*** Data excerpts ***
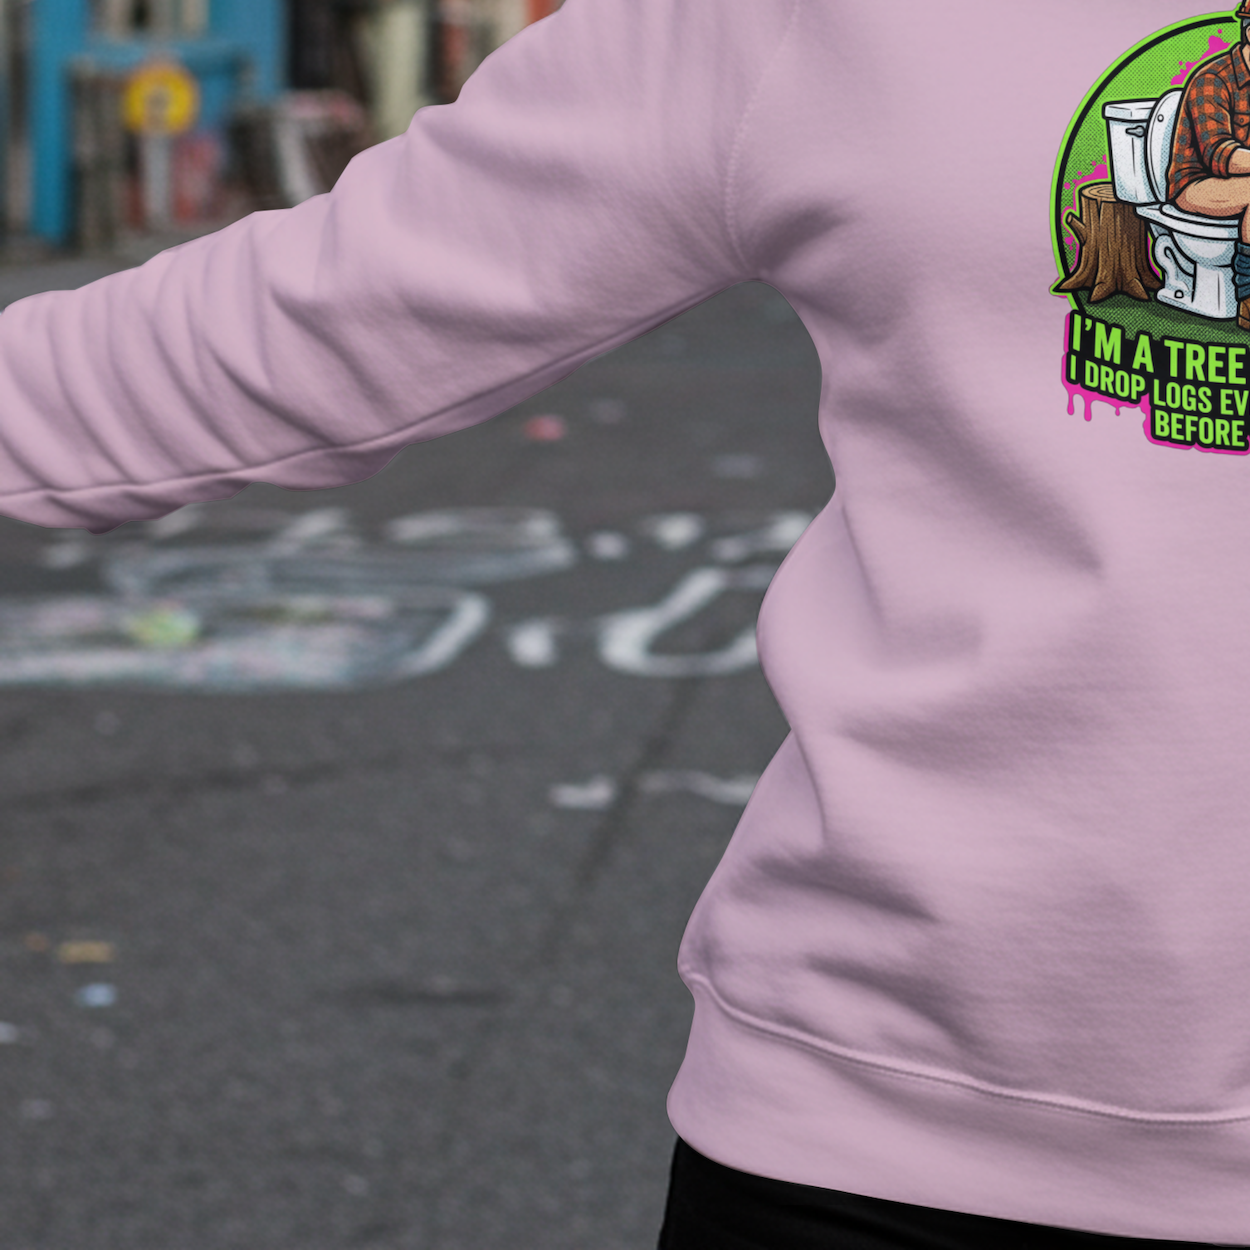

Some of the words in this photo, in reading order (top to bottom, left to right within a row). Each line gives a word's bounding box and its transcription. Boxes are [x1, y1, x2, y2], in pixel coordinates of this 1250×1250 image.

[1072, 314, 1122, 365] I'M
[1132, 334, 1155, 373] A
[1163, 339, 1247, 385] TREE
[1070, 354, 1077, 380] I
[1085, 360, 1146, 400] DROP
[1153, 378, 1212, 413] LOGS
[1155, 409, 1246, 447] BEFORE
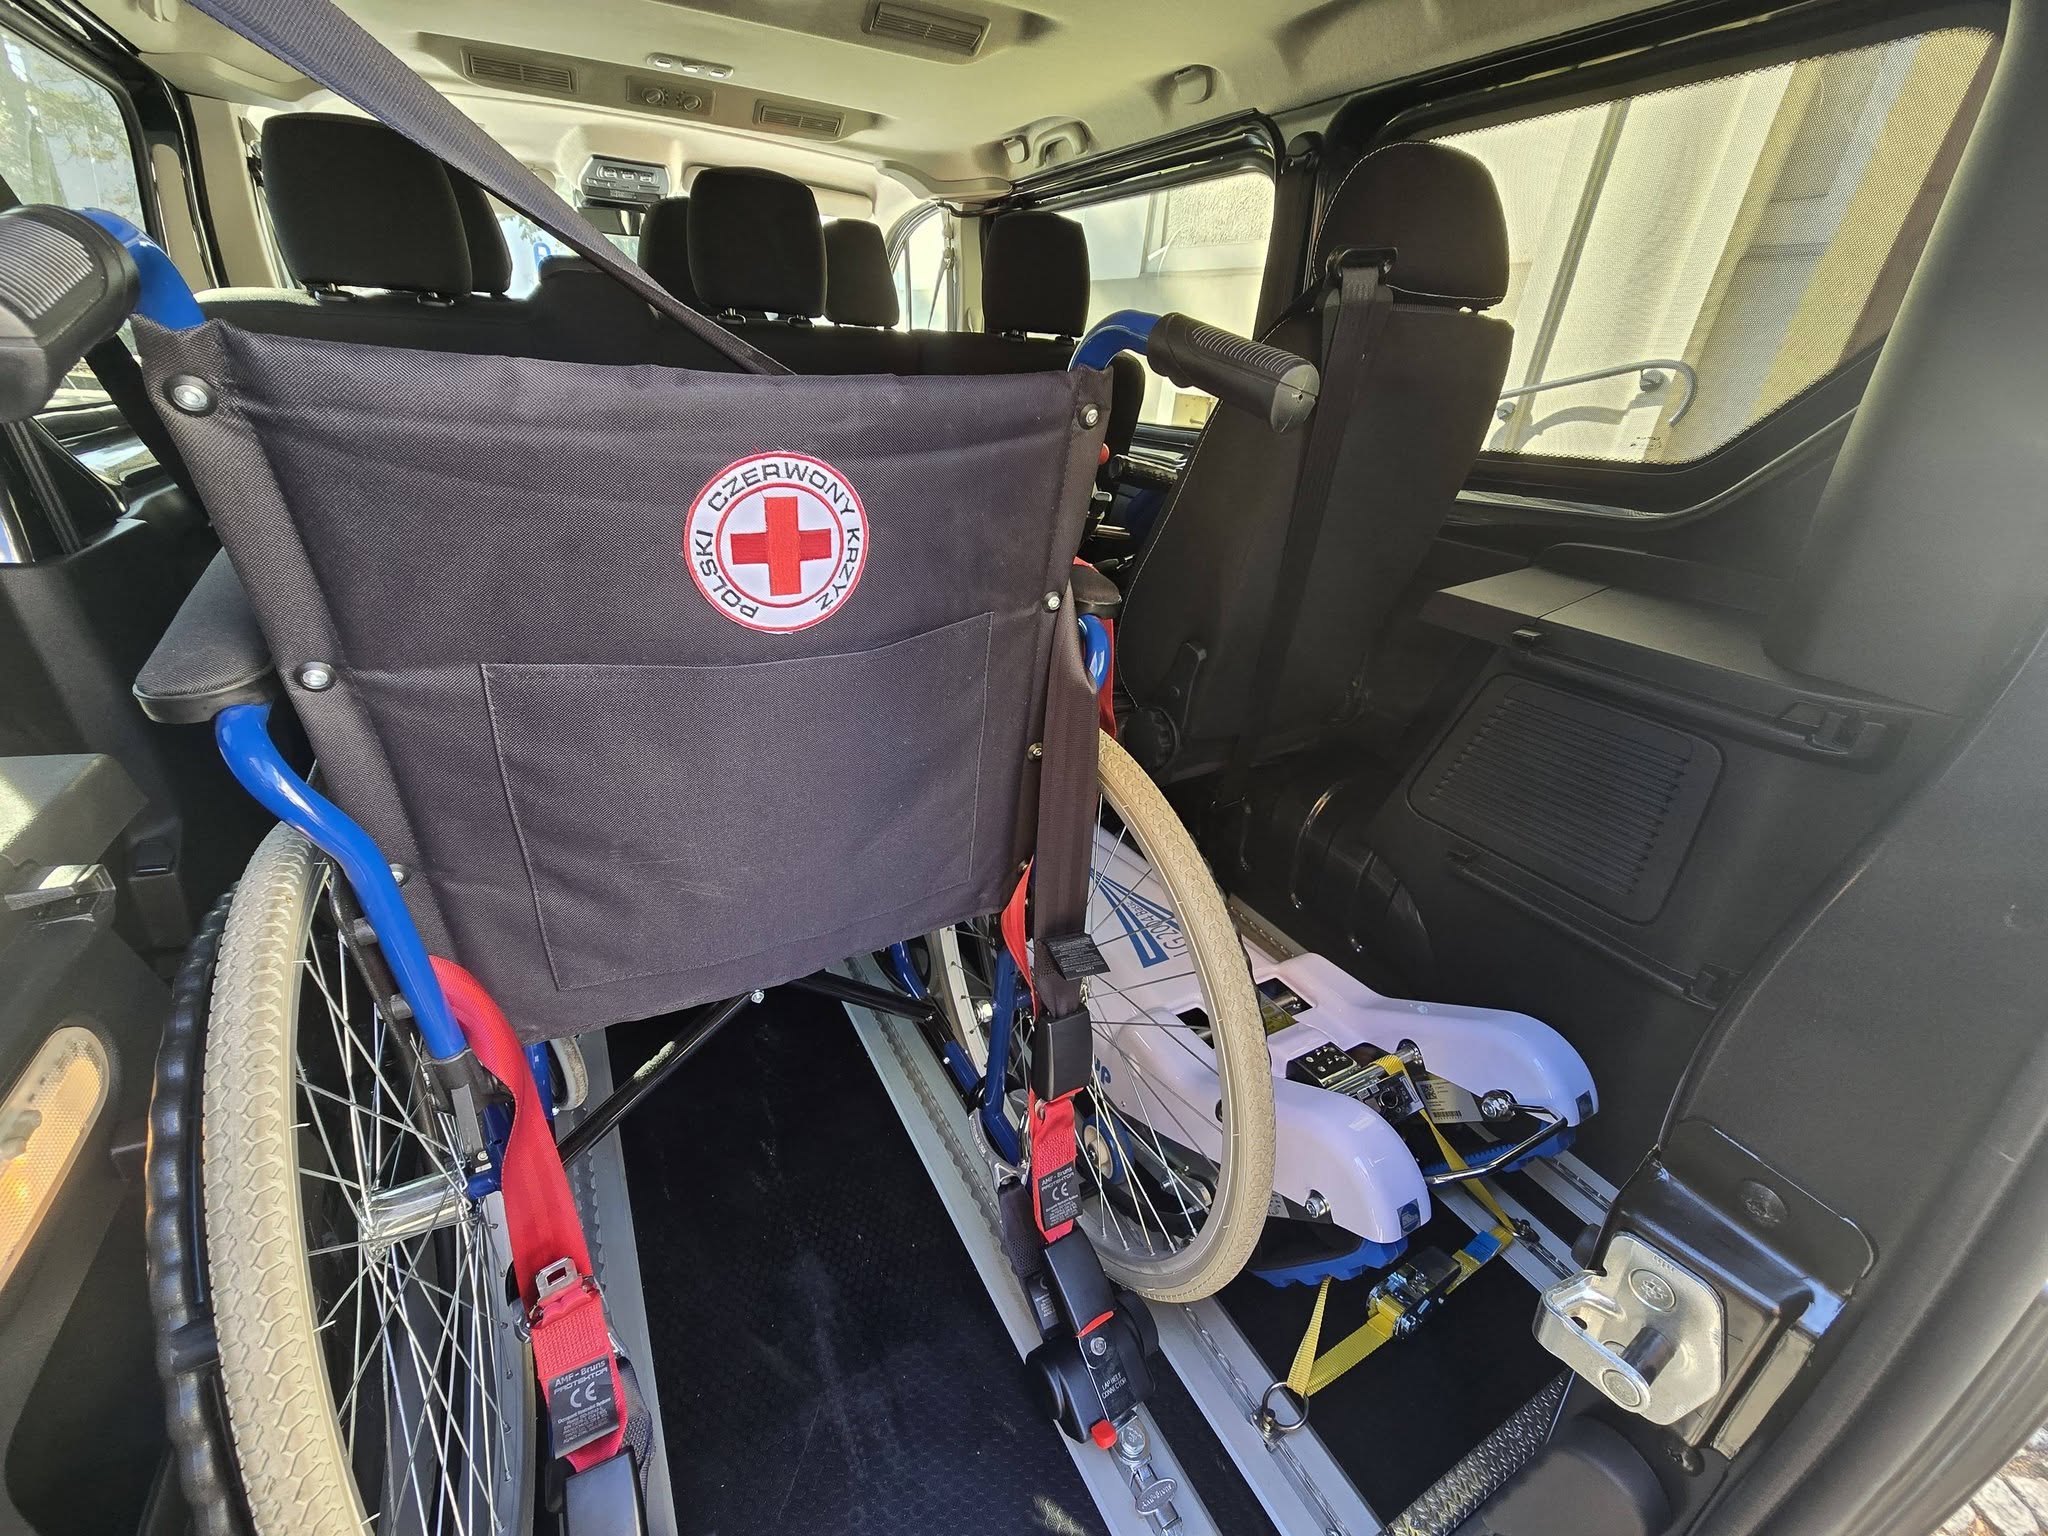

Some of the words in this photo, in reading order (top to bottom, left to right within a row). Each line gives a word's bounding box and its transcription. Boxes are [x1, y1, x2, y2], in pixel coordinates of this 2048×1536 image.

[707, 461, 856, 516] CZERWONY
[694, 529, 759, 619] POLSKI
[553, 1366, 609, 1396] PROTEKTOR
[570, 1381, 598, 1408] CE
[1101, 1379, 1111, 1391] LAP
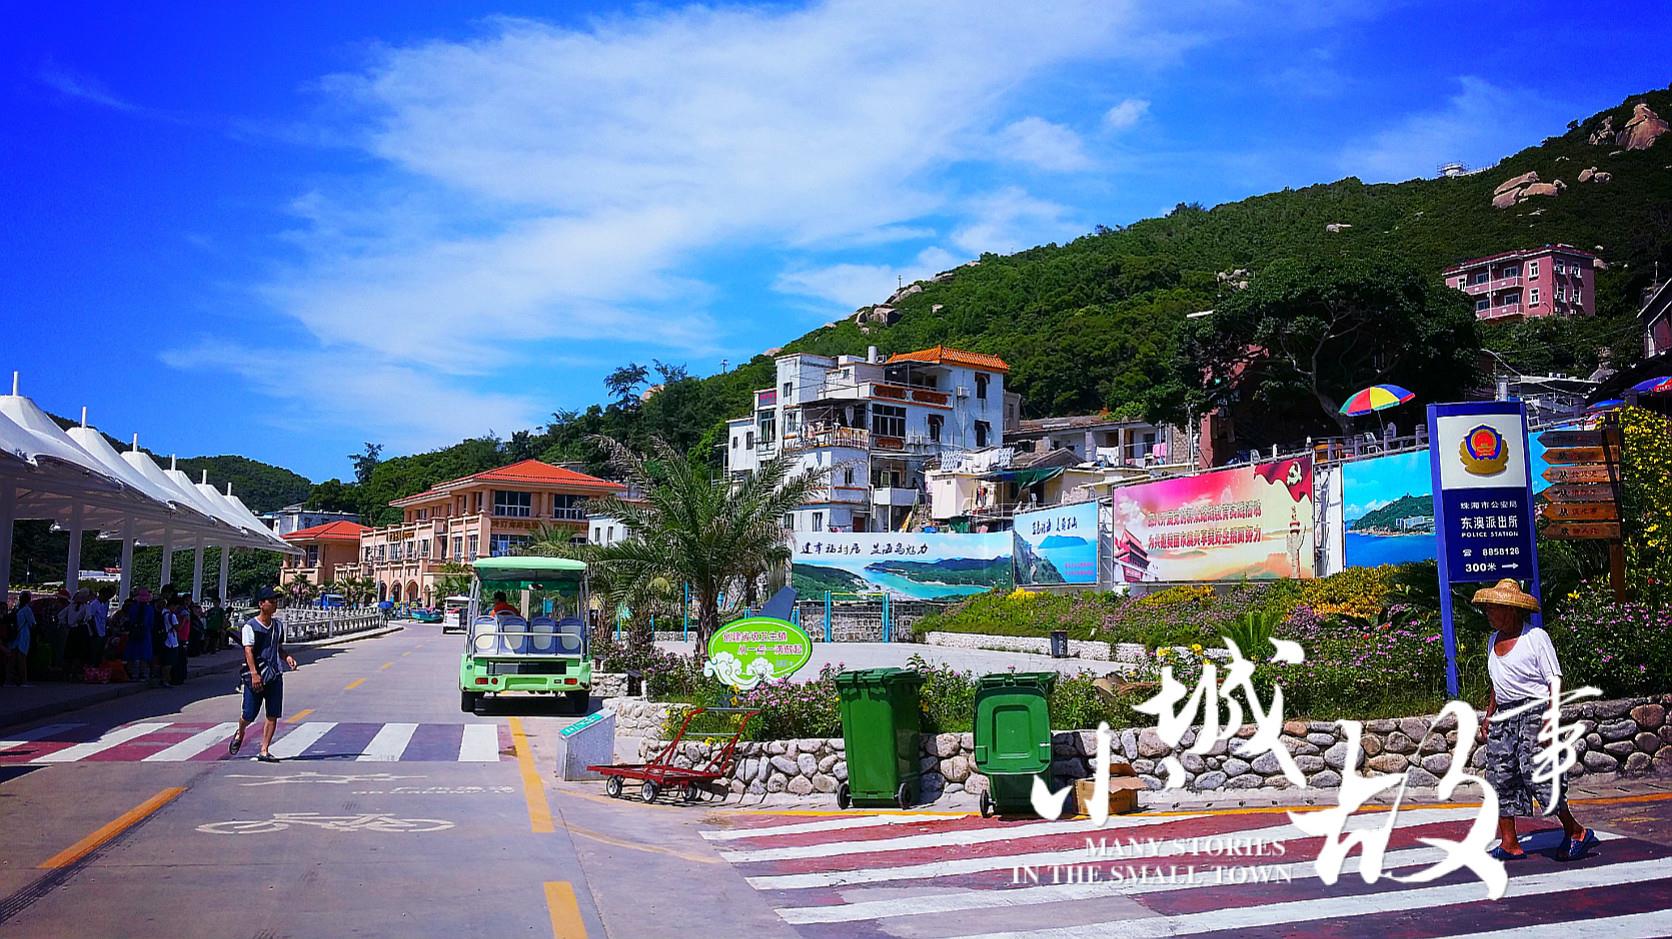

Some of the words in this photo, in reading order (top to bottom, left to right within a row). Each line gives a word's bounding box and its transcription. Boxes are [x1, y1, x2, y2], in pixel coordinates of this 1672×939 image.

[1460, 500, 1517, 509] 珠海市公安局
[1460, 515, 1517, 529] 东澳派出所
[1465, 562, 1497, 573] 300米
*** End of Data excerpts ***
## What you have to do
None of the pictures belong in the copy; repeat all other material exactly.

## Solution to this task
Some of the words in this photo, in reading order (top to bottom, left to right within a row). Each line gives a word's bounding box and its transcription. Boxes are [x1, y1, x2, y2], in pixel coordinates of this 1250×1250 image.

[1072, 314, 1122, 365] I'M
[1132, 334, 1155, 373] A
[1163, 339, 1247, 385] TREE
[1070, 354, 1077, 380] I
[1085, 360, 1146, 400] DROP
[1153, 378, 1212, 413] LOGS
[1155, 409, 1246, 447] BEFORE

Some of the words in this photo, in reading order (top to bottom, left to right within a row). Each line gives a word's bounding box and its transcription. Boxes are [x1, y1, x2, y2], in pixel coordinates of this 2048×1536 image.

[707, 461, 856, 516] CZERWONY
[694, 529, 759, 619] POLSKI
[553, 1366, 609, 1396] PROTEKTOR
[570, 1381, 598, 1408] CE
[1101, 1379, 1111, 1391] LAP

Some of the words in this photo, in reading order (top to bottom, left to right within a row). Each line gives a word's bounding box and its transcription. Boxes are [x1, y1, x2, y2], in pixel coordinates of this 1672×939 image.

[1460, 500, 1517, 509] 珠海市公安局
[1460, 515, 1517, 529] 东澳派出所
[1465, 562, 1497, 573] 300米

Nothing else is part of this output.